These three books can be quite helpful if you would like to learn more about—or manage your own—fear and anxiety.
Brantley, J. (2003). Calming your anxious mind: How mindfulness and compassion can free you from anxiety, fear and panic. Oakland, CA: New Harbinger
Dr. Brantley is a psychiatrist but this book is not about drug treatments. It is about mindfulness. Brantley discusses mindfulness and meditation in a way that is easy to understand. The author explains how these practices can be helpful in managing anxiety.
The book has experiential exercises as well. These exercises are meant to help the reader better understand mindfulness concepts. Here is one of the exercises:
Select three or four raisins. Hold them in your hand. Sit comfortably and begin to examine them as if you have never before seen or tasted a raisin. Use all your senses. Look at the raisins. What can you discover about the raisins and about eating them? Let your curiosity arise. Whenever your mind makes up a story about what you are doing, try to let go of that story and return your focus to the raisins.
Bourne, E. J. (2015). The Anxiety and Phobia Workbook (6th ed). Oakland, CA: New Harbinger
This book (last two editions are also fine) covers a lot of ground: anxiety, panic, self-esteem, nutrition, medication, relaxation, exercise, meditation, assertiveness, and much more.
Note that the information in some sections, such as nutrition, is based on the author’s “personal experience” and readings, and is “intended to be suggestive only—not prescriptive.”
The book contains numerous worksheets (e.g., for dysfunctional thoughts or worries) that the reader is encouraged to complete.
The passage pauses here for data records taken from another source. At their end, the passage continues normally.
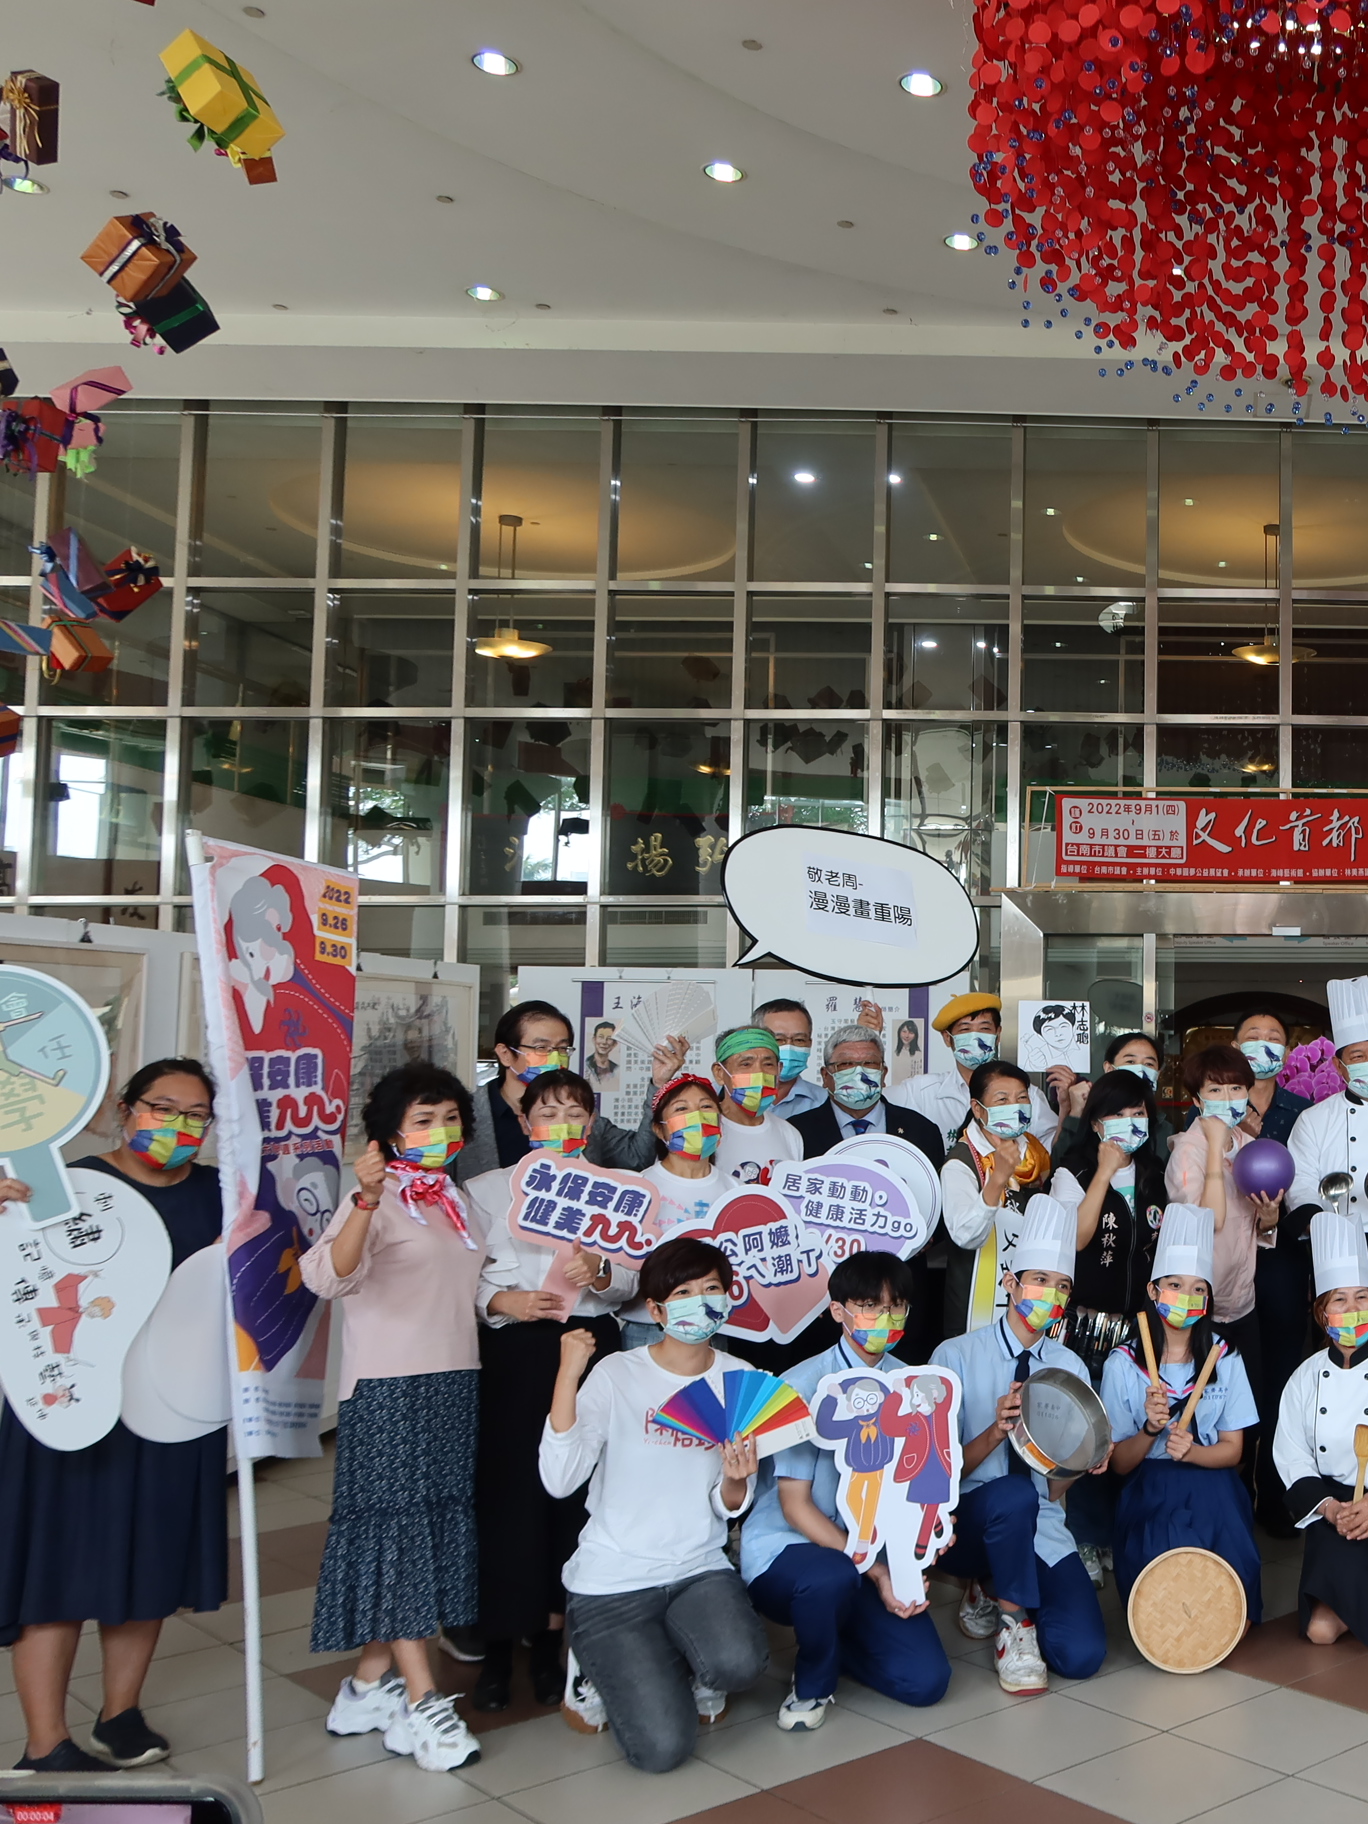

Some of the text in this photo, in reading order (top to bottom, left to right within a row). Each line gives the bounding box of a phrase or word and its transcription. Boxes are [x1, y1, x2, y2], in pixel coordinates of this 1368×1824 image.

[320, 912, 348, 931] 9.26
[808, 890, 913, 927] 漫漫畫重陽
[318, 941, 347, 959] 9.30
[1070, 1002, 1089, 1045] 林志聰
[525, 1163, 646, 1217] 永保安康
[782, 1174, 886, 1203] 居家動動，
[804, 1200, 914, 1235] 健康活力go
[1100, 1212, 1119, 1268] 陳秋萍
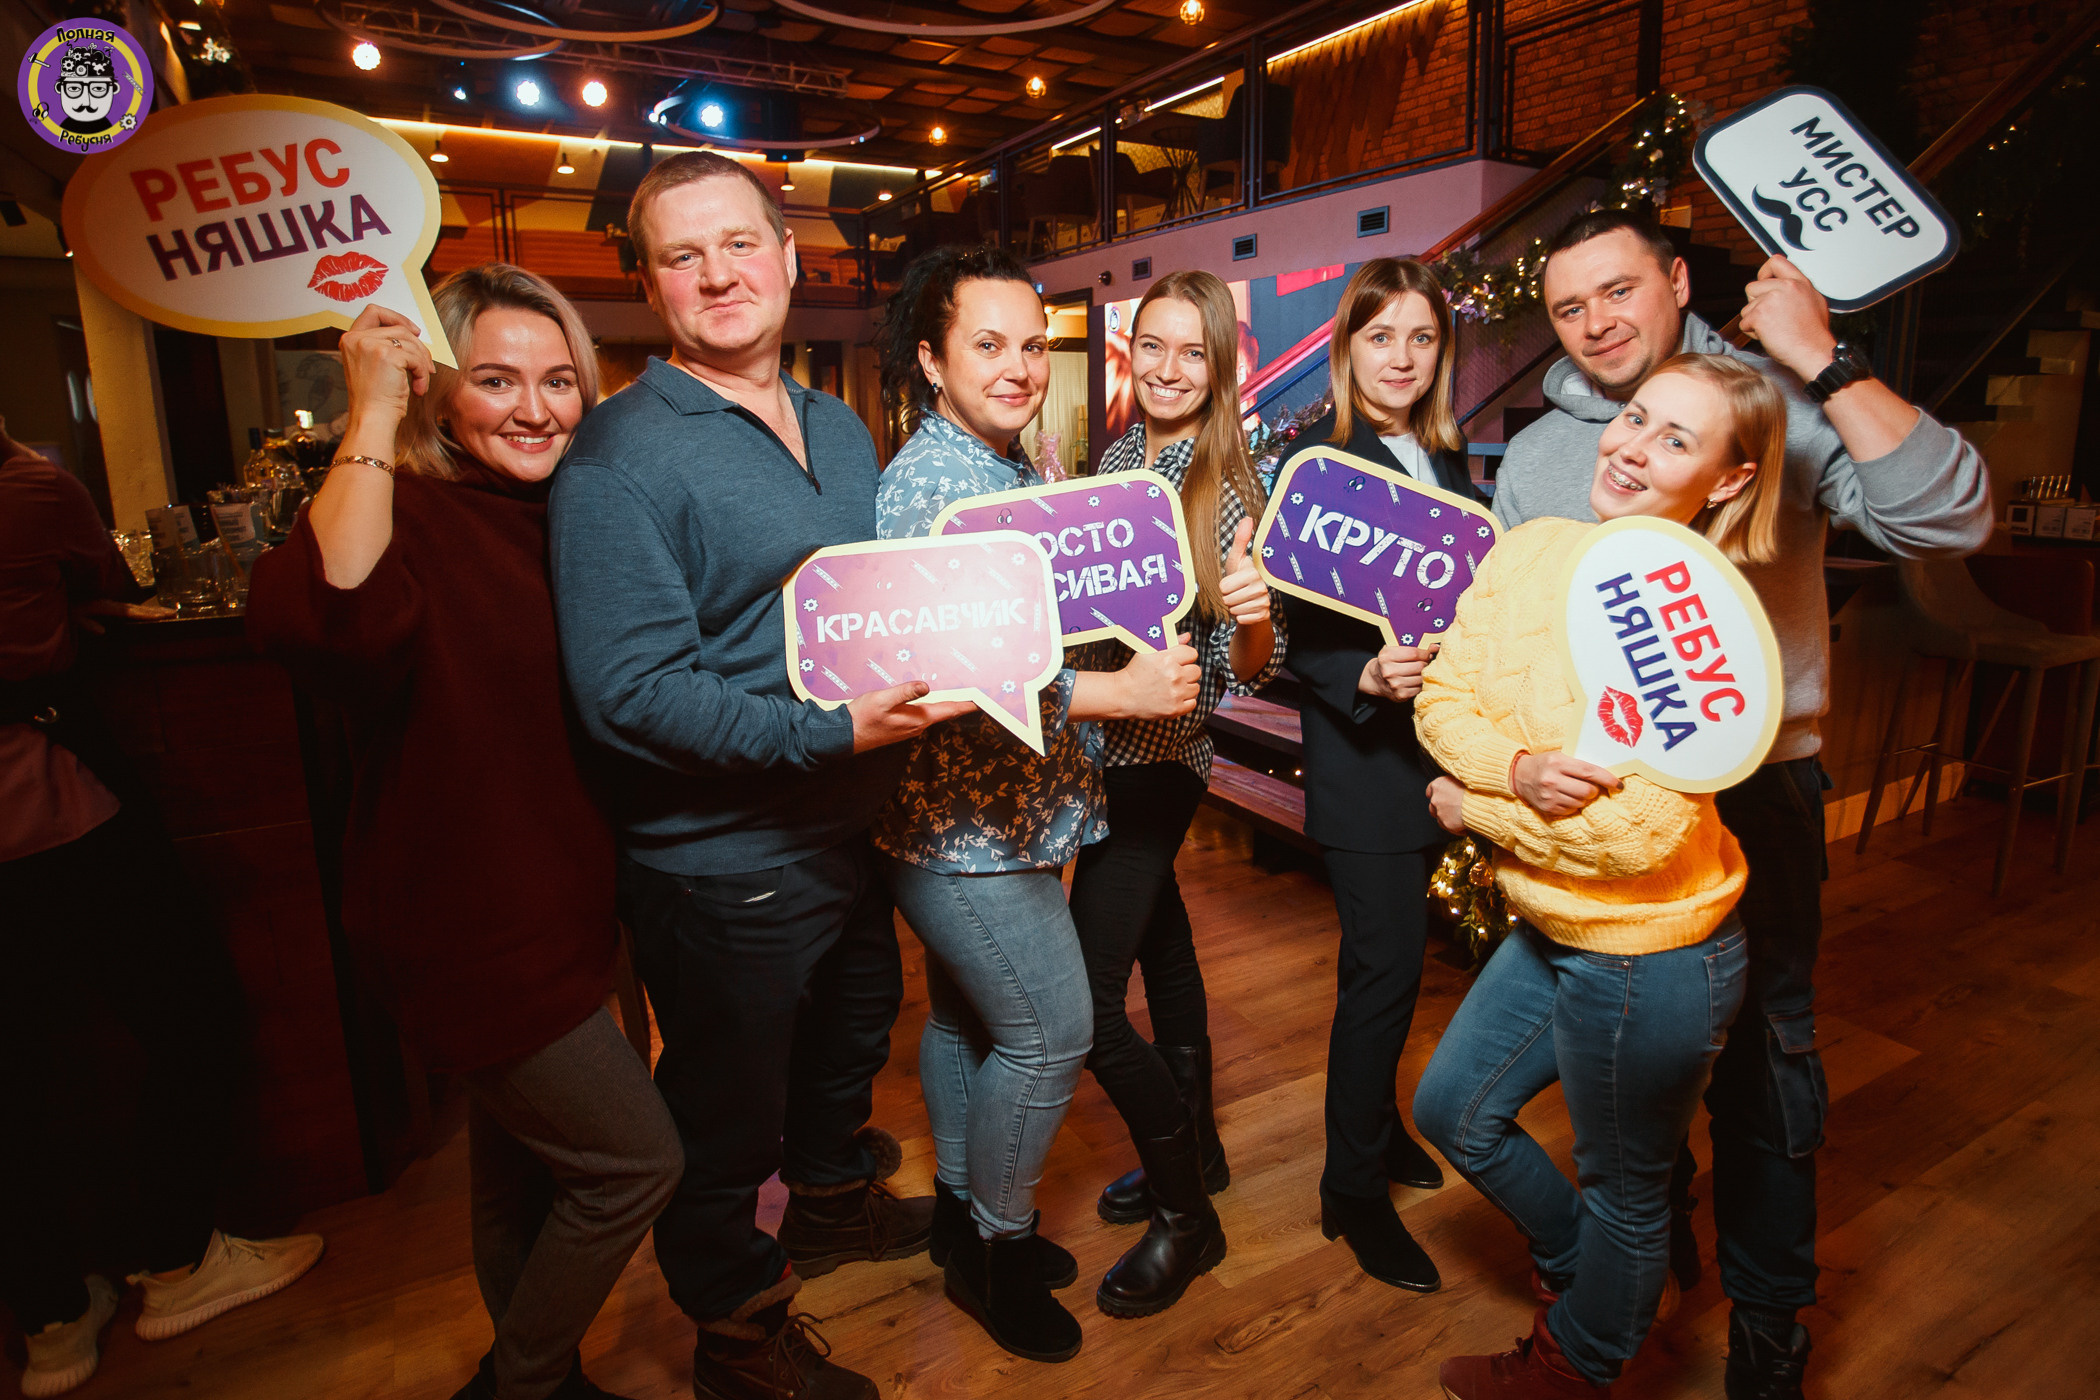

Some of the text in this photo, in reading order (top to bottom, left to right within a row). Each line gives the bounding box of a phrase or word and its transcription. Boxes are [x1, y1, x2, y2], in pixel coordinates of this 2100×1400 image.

[129, 138, 351, 222] РЕБУС
[1778, 166, 1848, 232] УСС
[1789, 116, 1920, 239] МИСТЕР
[145, 193, 392, 281] НЯШКА
[1298, 504, 1455, 590] КРУТО
[816, 597, 1027, 643] КРАСАВЧИК
[1595, 572, 1697, 752] НЯШКА
[1644, 560, 1746, 723] РЕБУС
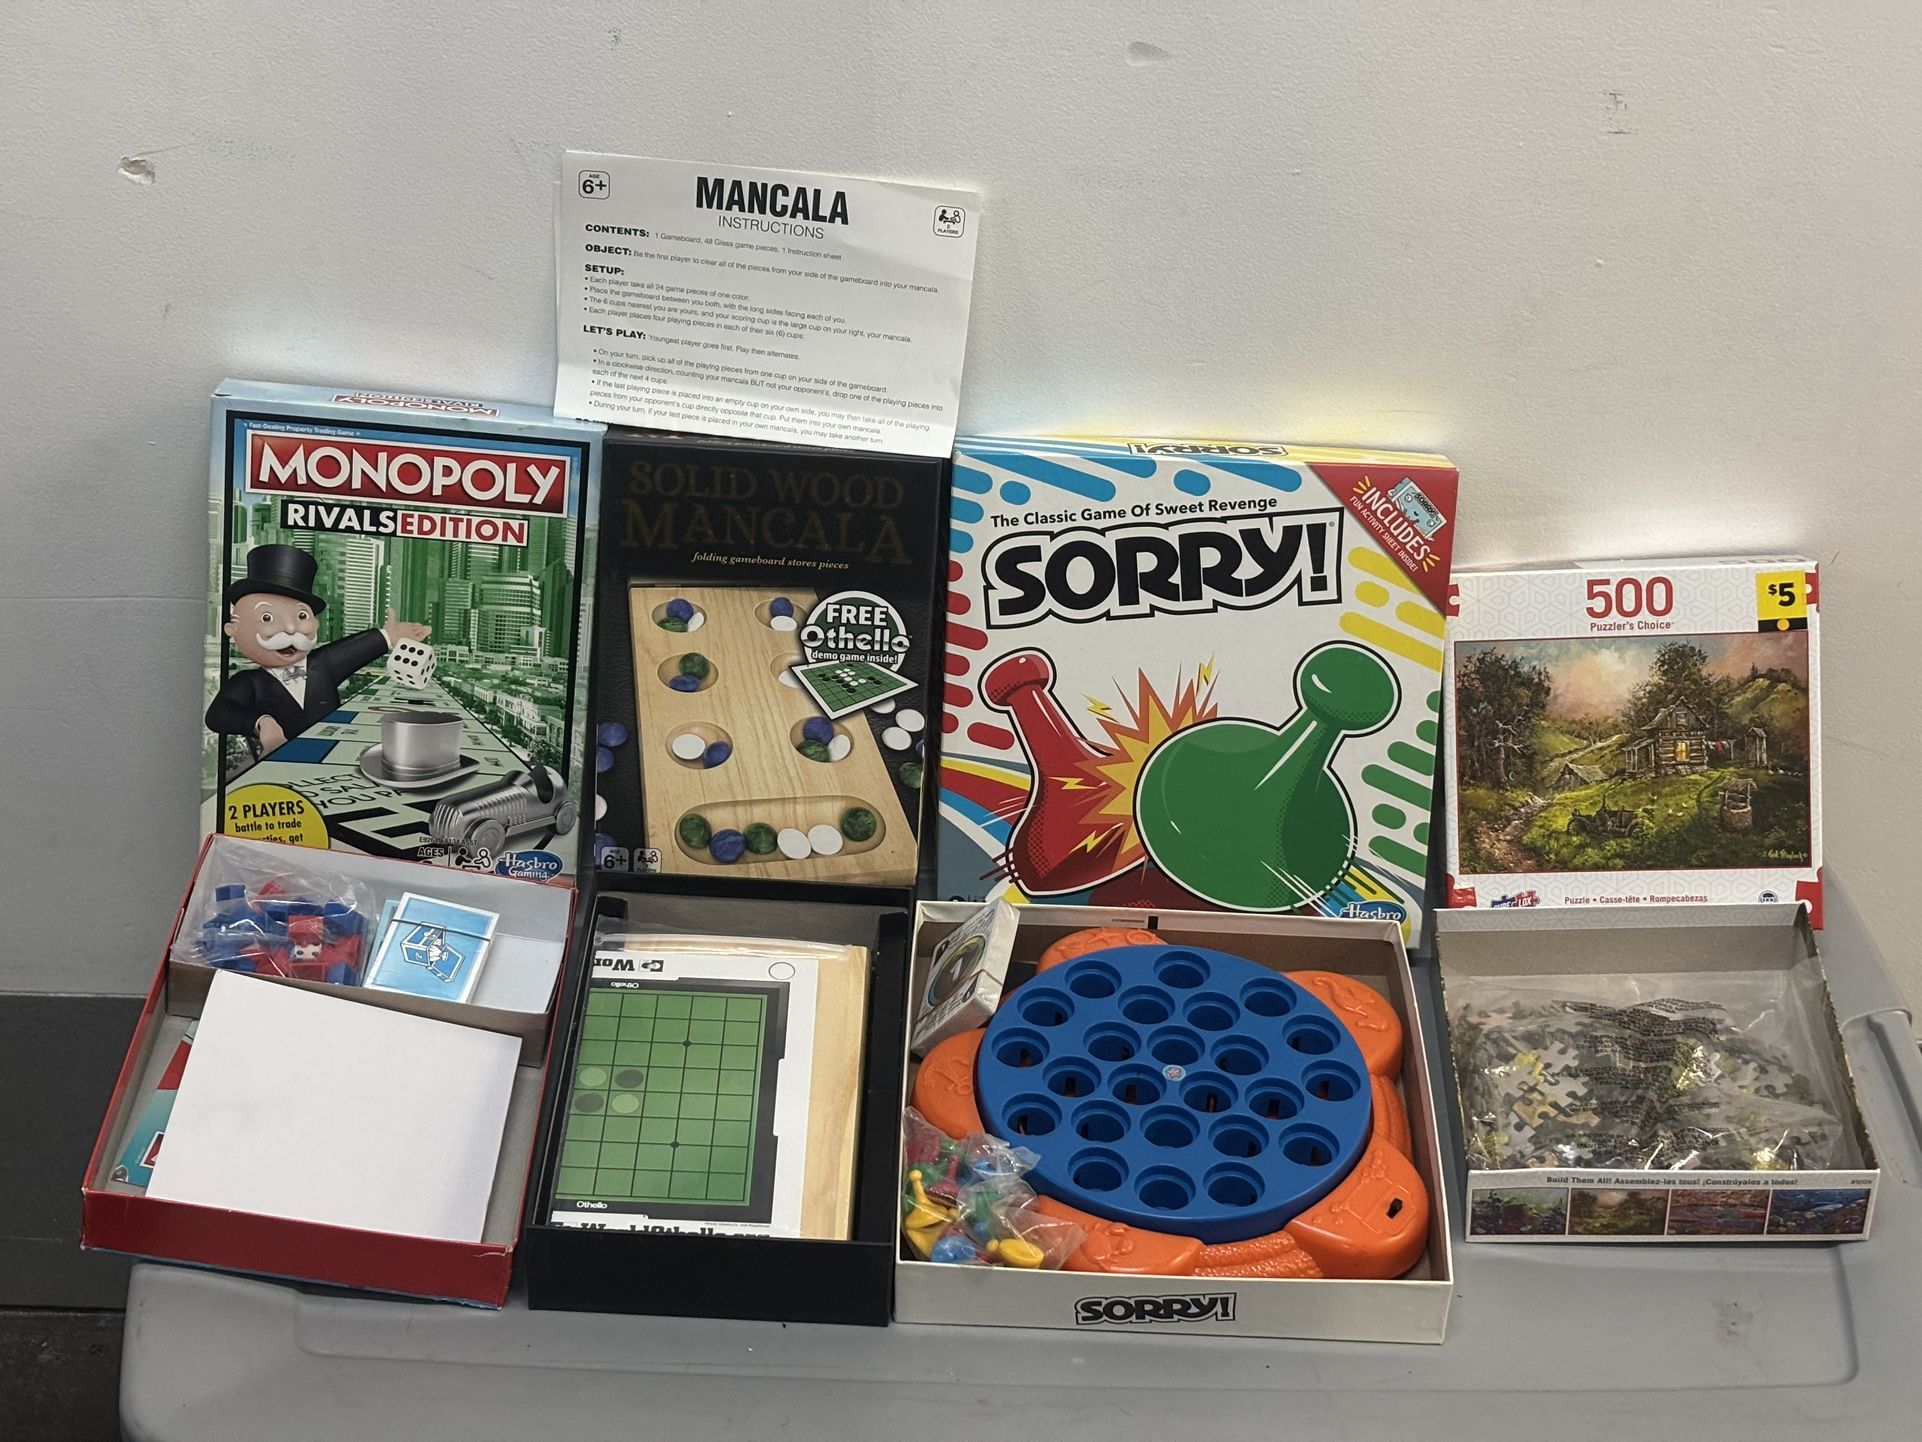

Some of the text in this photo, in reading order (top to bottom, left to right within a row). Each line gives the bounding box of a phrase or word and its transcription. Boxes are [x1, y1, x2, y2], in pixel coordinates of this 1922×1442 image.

[583, 180, 607, 194] 6+
[696, 176, 849, 225] MANCALA
[718, 215, 824, 239] INSTRUCTIONS
[584, 224, 650, 237] CONTENTS:
[714, 239, 733, 247] Glass
[734, 242, 754, 251] game
[787, 247, 821, 257] Instruction
[822, 251, 842, 259] sheet
[584, 244, 632, 256] OBJECT:
[670, 254, 691, 264] player
[700, 258, 717, 266] clear
[747, 263, 770, 274] pieces
[771, 266, 786, 274] from
[787, 269, 803, 277] your
[839, 274, 878, 286] gameboard
[892, 281, 908, 290] your
[584, 264, 624, 275] SETUP:
[589, 276, 607, 284] Each
[608, 278, 629, 288] player
[664, 286, 684, 294] game
[685, 287, 708, 297] pieces
[589, 286, 608, 294] Place
[621, 289, 660, 302] gameboard
[661, 294, 690, 304] between
[690, 299, 703, 307] you
[722, 302, 736, 310] with
[749, 305, 764, 314] long
[765, 307, 783, 315] sides
[784, 309, 805, 319] facing
[806, 312, 823, 320] each
[588, 306, 606, 314] Each
[607, 308, 628, 318] player
[628, 311, 651, 321] places
[666, 315, 691, 326] playing
[692, 319, 715, 329] pieces
[723, 322, 740, 331] each
[749, 325, 764, 334] their
[775, 329, 786, 338] (6)
[582, 324, 613, 335] LET'S
[615, 328, 646, 339] PLAY:
[648, 334, 680, 346] Youngest
[680, 338, 701, 348] player
[702, 342, 719, 351] goes
[735, 345, 750, 354] Play
[750, 347, 765, 355] then
[338, 396, 492, 414] MONOPOLY
[249, 422, 285, 431] Fast-Dealing
[286, 425, 313, 433] Property
[314, 427, 335, 435] Trading
[1134, 444, 1284, 455] SORRY!
[259, 442, 560, 506] MONOPOLY
[629, 460, 757, 500] SOLID
[769, 468, 906, 508] WOOD
[286, 502, 525, 544] RIVALS EDITION
[991, 498, 1278, 528] The Classic Game Of Sweet Revenge
[1362, 487, 1430, 560] INCLUDES
[620, 498, 912, 564] MANCALA
[1350, 496, 1418, 572] FUN ACTIVITY SHEET INSIDE!
[691, 552, 849, 570] folding gameboard stores pieces
[994, 521, 1328, 616] SORRY!
[1586, 576, 1674, 618] 500
[1768, 582, 1796, 606] $5
[826, 604, 888, 626] FREE
[1590, 620, 1671, 632] Puzzler's Choice
[800, 625, 910, 653] Othello
[812, 650, 898, 664] demo game inside!
[286, 774, 361, 789] LLECT
[228, 800, 304, 820] 2 PLAYERS
[235, 818, 302, 832] battle to trade
[417, 847, 445, 857] AGES
[499, 852, 558, 870] Hasbro
[604, 854, 627, 869] 6+
[509, 867, 549, 880] Gaming
[1600, 895, 1640, 903] Casse-tête
[1650, 894, 1708, 903] Rompecabezas
[1343, 904, 1401, 920] Hasbro
[576, 1201, 608, 1209] Othello
[1080, 1296, 1230, 1322] SORRY!
If I may digress, I would like to address the issue of homework. Many readers dislike doing homework; they find it unnecessary, feel it takes too much time and effort, etc. In some cases the exercises may also bring up very uncomfortable feelings.
But cognitive and behavioral perspectives in particular find that doing homework is necessary for improvement. Approaches that use mindfulness also require exercises. Sometimes, however, the exercises are meant only to illustrate a principle or clarify an issue.
I would suggest that you:
- Consider the logic behind the homework assignments
- Never do anything that makes you intensely uncomfortable
- Remember that these texts are written for a general audience and are not customized to your needs
Barlow, D. H., & Craske, M. G. (2000). Mastery of your anxiety and panic (3rd ed.). New York: Psychological Corporation
Those of you who have been following my blog might have noticed that I often cite Barlow. The reason is that Dr. Barlow is a giant in the field of emotional disorders, and for decades has written extensively on the origins of anxiety disorders.
This book by Barlow and Craske (a professor of psychology at UCLA) is well-written and useful especially to people who experience panic attacks and agoraphobia.
As the authors note, panic attacks are rushes of intense fear that can make you believe “you are sick, dying, or losing your mind.”
Panic attacks are usually accompanied by anxiety about “the possibility of another attack. Together, the panic attacks and general anxiety are called panic disorder. Agoraphobia refers to anxiety about, or avoidance of, situations where panic attacks or other physical symptoms are expected to occur.”
There are many self-help books on the market, and it can be difficult deciding which ones to read. If you are uncertain, it might be a good idea to look at university websites. Their recommendations are more likely to be based on expert opinion and not sales or other factors.
If you have found a book particularly helpful, please mention the title and the author in the comments section.
In the meantime, I hope you have found my recommendations useful. Happy reading.